-------- RECORDS SUPPLIED
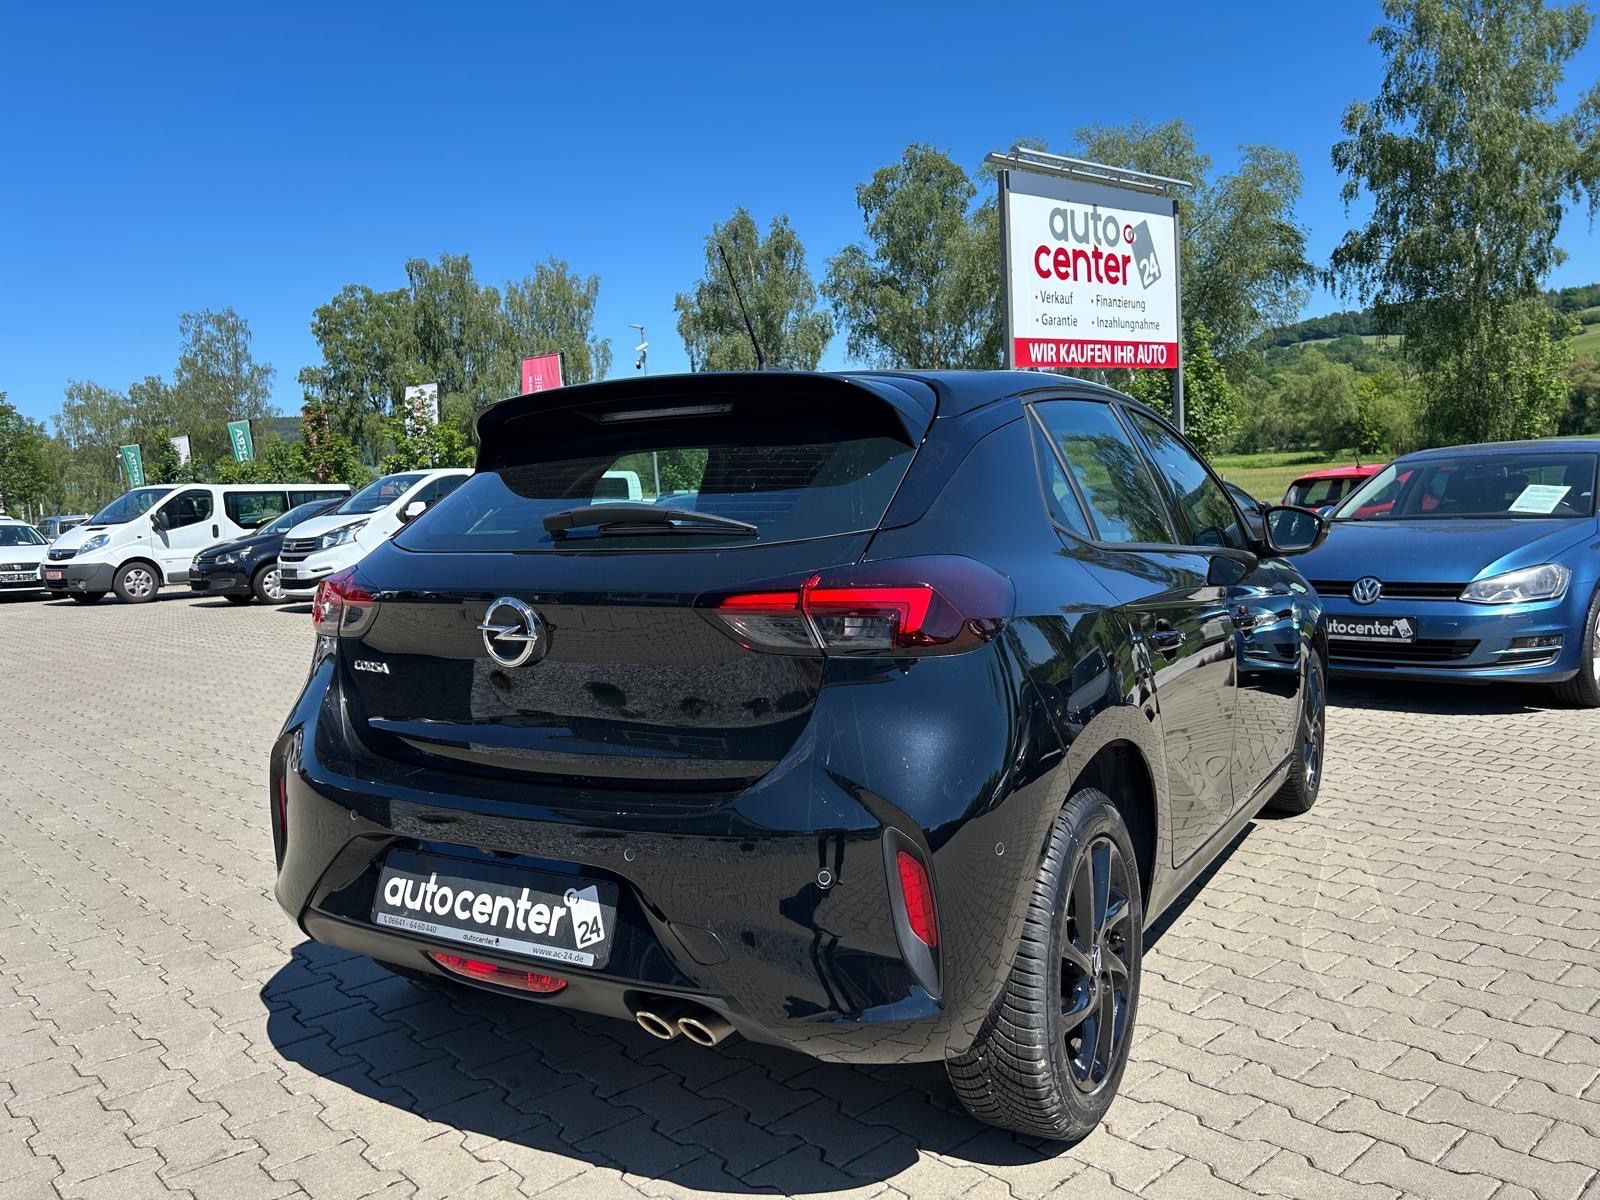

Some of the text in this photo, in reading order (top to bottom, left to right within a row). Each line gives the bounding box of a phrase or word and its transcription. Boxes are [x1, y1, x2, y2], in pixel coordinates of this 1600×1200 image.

[1049, 204, 1120, 247] auto
[1034, 244, 1131, 286] center
[1139, 253, 1160, 283] 24
[1040, 290, 1074, 305] Verkauf
[1096, 295, 1146, 312] Finanzierung
[1041, 313, 1078, 327] Garantie
[1096, 316, 1160, 332] Inzahlungnahme
[1029, 343, 1167, 364] WIR KAUFEN IHR AUTO
[1327, 619, 1396, 636] utocenter
[354, 660, 389, 674] CORSA
[384, 872, 602, 945] autocenter 24
[532, 946, 584, 963] www.ac-24.de
----------------
Output the material word for word. Pictures do not go in.

ANSWER BOX —
Some of the text in this photo, in reading order (top to bottom, left to right within a row). Each line gives the bounding box of a phrase or word and its transcription. Boxes are [x1, y1, x2, y2], in pixel coordinates of this 1600×1200 image.

[1049, 204, 1120, 247] auto
[1034, 244, 1131, 286] center
[1139, 253, 1160, 283] 24
[1040, 290, 1074, 305] Verkauf
[1096, 295, 1146, 312] Finanzierung
[1041, 313, 1078, 327] Garantie
[1096, 316, 1160, 332] Inzahlungnahme
[1029, 343, 1167, 364] WIR KAUFEN IHR AUTO
[1327, 619, 1396, 636] utocenter
[354, 660, 389, 674] CORSA
[384, 872, 602, 945] autocenter 24
[532, 946, 584, 963] www.ac-24.de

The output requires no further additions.